Just a few hours before being scheduled to board an Air France flight out of Montreal on Wednesday, Jose Bove found out about the reprieve from the Canada Border Services Agency.

“I’ve just had the customs supervisor on the phone and he told me ‘there’s been a bit of a U-turn in your file,’” Bove told reporters after a news conference.

Bove, who was to pay $200 for the document that will allow him to stay for seven days, will actually leave the country this Saturday.

“Maybe I will also thank the prime minister (Justin Trudeau), who seems to have understood it wasn’t a good idea to stop me from coming here,” Bove said jokingly.

Earlier, he told the news conference he wanted Trudeau to tell him why he was being kicked out of Canada.

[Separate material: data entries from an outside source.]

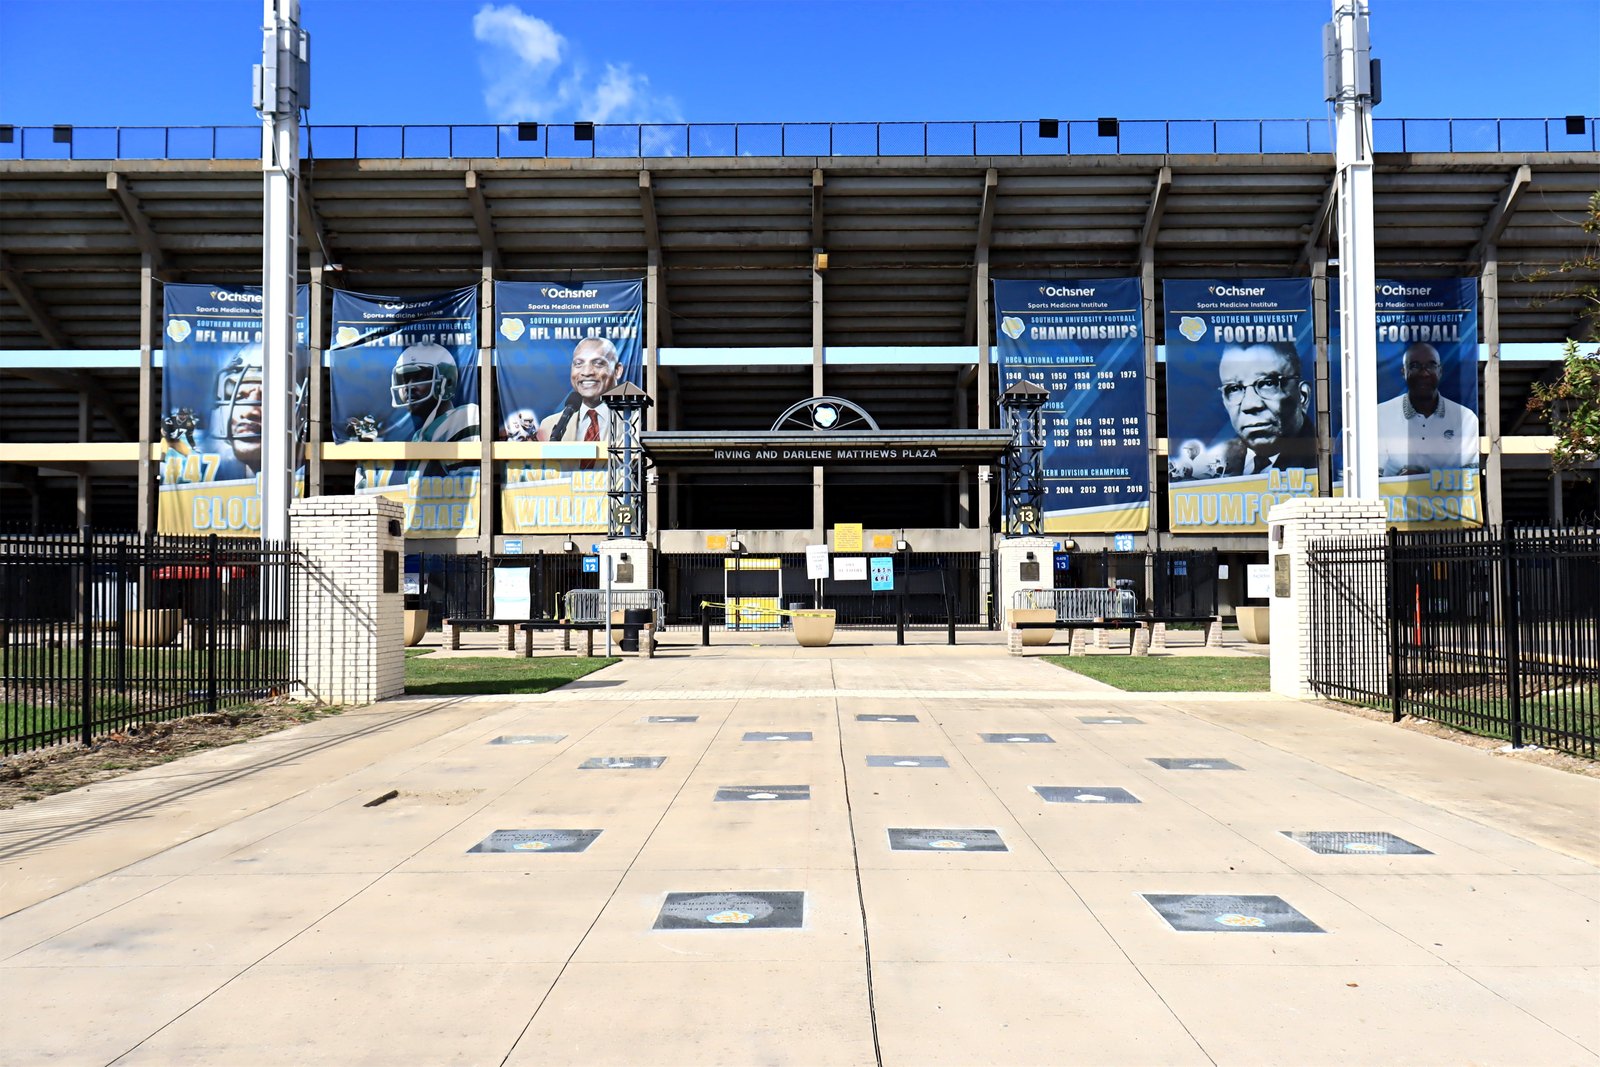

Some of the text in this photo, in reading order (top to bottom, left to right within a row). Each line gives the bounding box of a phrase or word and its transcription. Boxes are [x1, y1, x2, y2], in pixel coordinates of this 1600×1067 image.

[548, 288, 598, 298] Ochsner
[1046, 287, 1095, 297] Ochsner
[1216, 286, 1265, 296] Ochsner
[1382, 285, 1431, 295] Ochsner
[217, 291, 263, 302] Ochsne
[1211, 315, 1298, 324] SOUTHERN UNIVERSITY
[195, 330, 217, 342] NFL
[222, 331, 250, 343] HALL
[530, 326, 637, 339] NFL HALL OF FAME
[1031, 325, 1138, 340] CHAMPIONSHIPS
[1214, 325, 1297, 342] FOOTBALL
[1379, 325, 1461, 342] FOOTBALL
[390, 334, 418, 346] HALL
[422, 334, 436, 345] OF
[440, 333, 472, 345] FAME
[1024, 356, 1053, 364] NATIONAL
[1051, 372, 1067, 380] 1950
[1076, 439, 1092, 447] 1998
[1123, 438, 1140, 446] 2003
[714, 449, 937, 459] IRVING AND DARLENE MATTHEWS PLAZA
[165, 454, 220, 483] #47
[1430, 468, 1474, 491] PETE
[193, 496, 262, 530] BLOU
[516, 497, 609, 526] WILLIA
[1175, 492, 1308, 525] MUMFO
[618, 513, 631, 523] 12
[1020, 511, 1034, 522] 13
[1116, 540, 1132, 551] 13
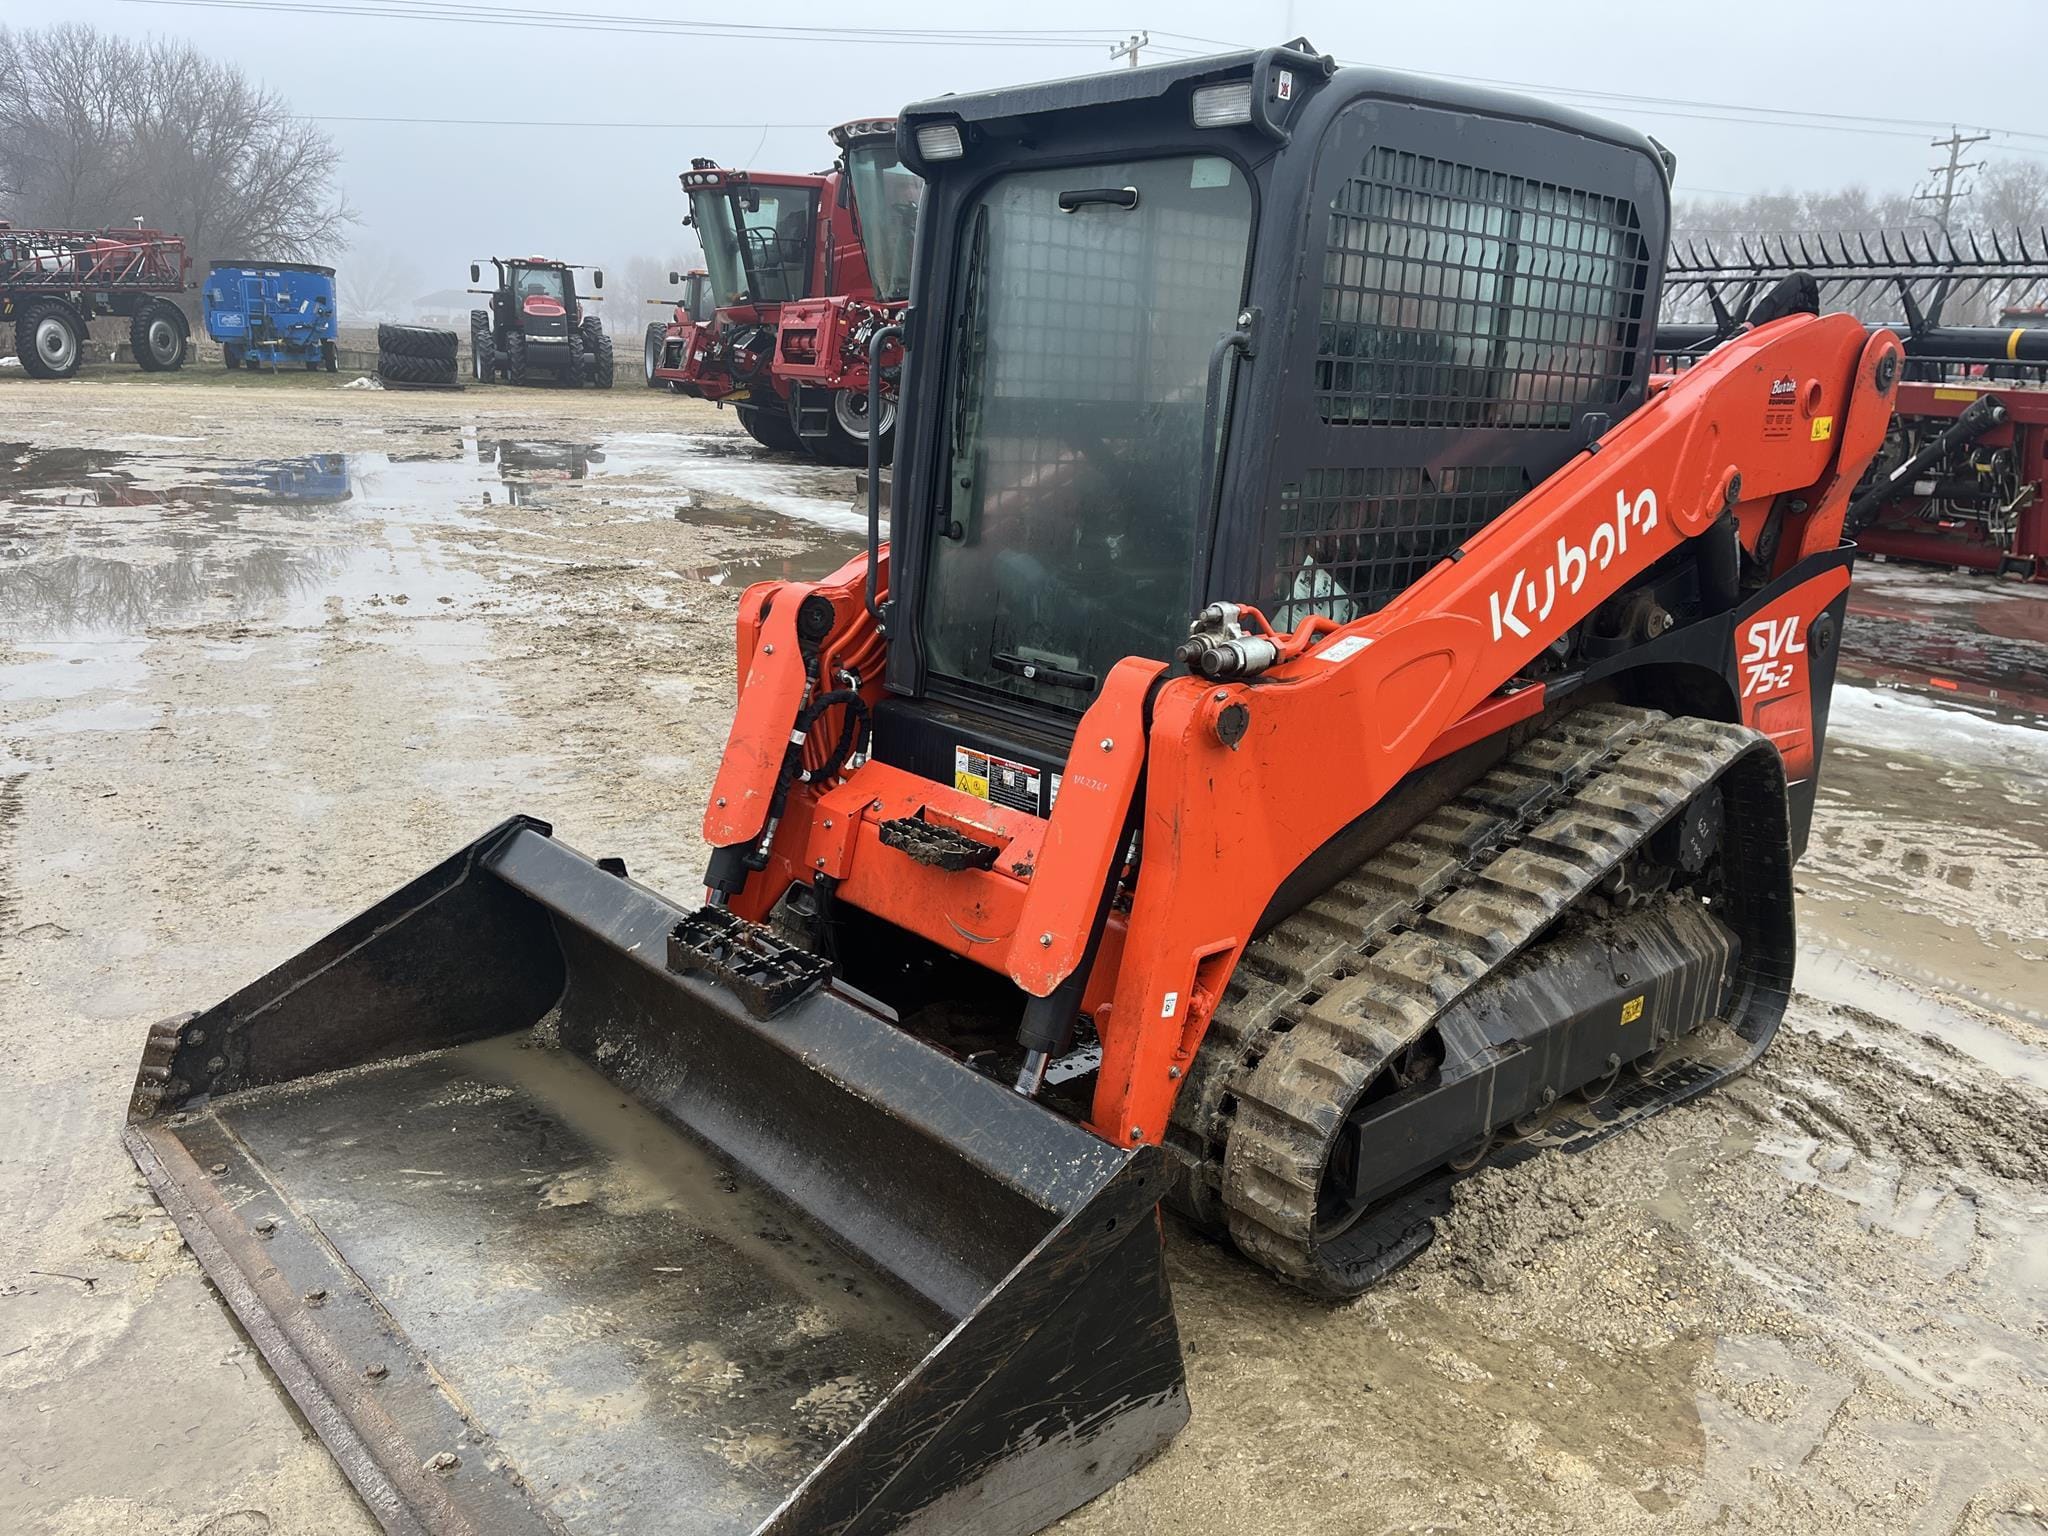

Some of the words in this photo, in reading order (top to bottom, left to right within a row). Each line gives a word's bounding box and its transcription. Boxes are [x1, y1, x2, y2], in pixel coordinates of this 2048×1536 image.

[1489, 488, 1658, 642] Kubota
[1741, 615, 1805, 664] SVL
[1742, 660, 1794, 698] 75-2

“I feel like asking Mr. Trudeau: ‘What’s got into you? And why do you, someone who always wants to come across as the most open person on the North American continent, accept such a situation?’ It is pretty incongruous.

“Is it because the French prime minister, Mr. (Manuel) Valls, who supports the (EU-Canada) free-trade agreement, arrives in Ottawa today? Is it because you (Trudeau) will be in Europe next week to try to sell the deal?”

Bove was detained for several hours at Pierre Elliott Trudeau International Airport on Tuesday and was allowed to leave the airport on the condition he return Wednesday afternoon.

He says he was told he could not stay in the country because of convictions in France in 2001 and 2002 for incidents in 1999.

One of those incidents targeted a McDonald’s restaurant and the other involved genetically modified organisms.

Bove said he is sure he would have been put on the plane Tuesday night if Air France had another Paris-bound flight.

“If I’m here today (Wednesday)…it’s because there’s only one Air France plane a day going to Paris,” he said. “So thank you Air France for having only one plane.”